身体を両手でさすって白い息を吐きながら啓介が呟いた。
紅葉の季節が終わり、今年は例年よりも早く冬が来ようとしていた。ここ数日、赤城山には雪雲がかかるようになり、啓介はおとといスタッドレスタイヤに履き替えたところだった。 腕時計に目をやると、午前4時。肌に痛いくらいの寒さだ。
「もう冬ですね・・・っくしゅ、」
ケンタは中途半端なくしゃみをひとつして、ぶるりと身震いをした。
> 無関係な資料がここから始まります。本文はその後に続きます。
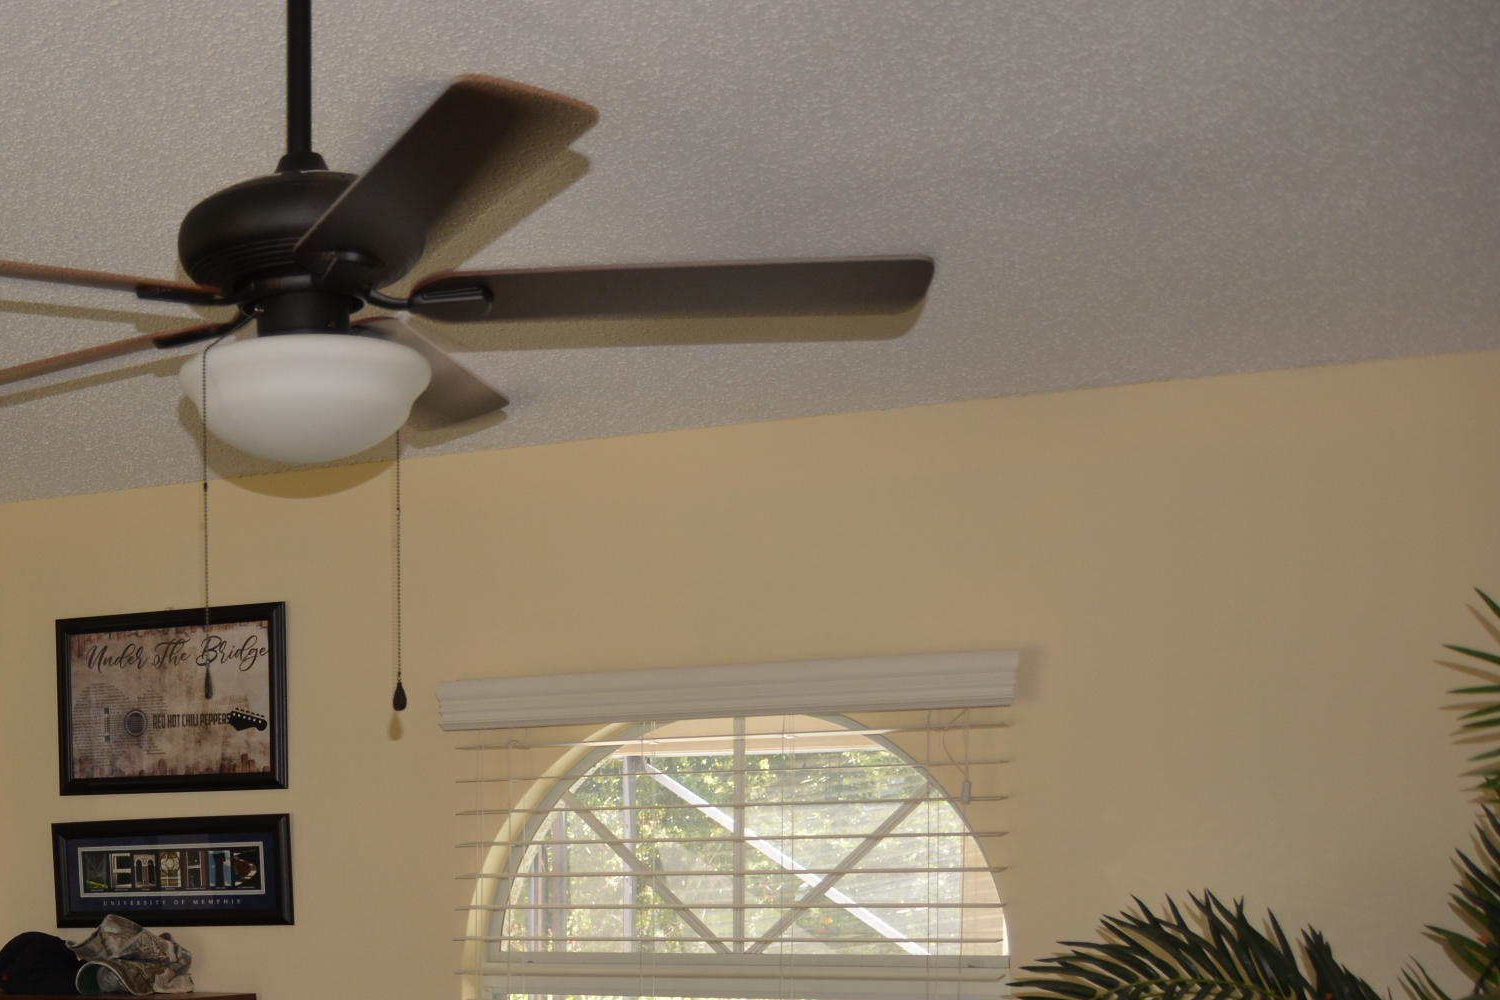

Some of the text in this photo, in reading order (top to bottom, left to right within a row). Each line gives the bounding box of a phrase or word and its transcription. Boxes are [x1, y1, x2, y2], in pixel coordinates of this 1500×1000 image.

[86, 634, 269, 673] Under The Bridge
[152, 710, 232, 730] RED HOT CHILI PEPPERS
[102, 897, 243, 906] UNIVERSITY OF MEMPHIS
寒い、と言うわりにはダウンジャケットにマフラー、手袋という完全防寒体勢の啓介に対し、ケンタはブルゾンにジーパン姿の薄着だった。

「お前なんでそんなかっこしてんだ。寒くて当たり前だろーが・・・」
啓介は呆れたように言う。
「最近バイトで時間無くて実家に冬服取りに行ってないんですよ。それから今月はタイヤ付け替えてもう金ねぇし・・・っくしゅ、」
引きつった笑顔を見せながらケンタはまたひとつくしゃみをした。
ケンタの生活は車が中心だ。最近はチームのナンバー2、高橋啓介に可愛がってもらえるようになって余計にのめり込んでいる。時間さえあれば啓介のところやショップに顔を出していて、以前は結構気を遣っていた洋服にも興味が無くなった。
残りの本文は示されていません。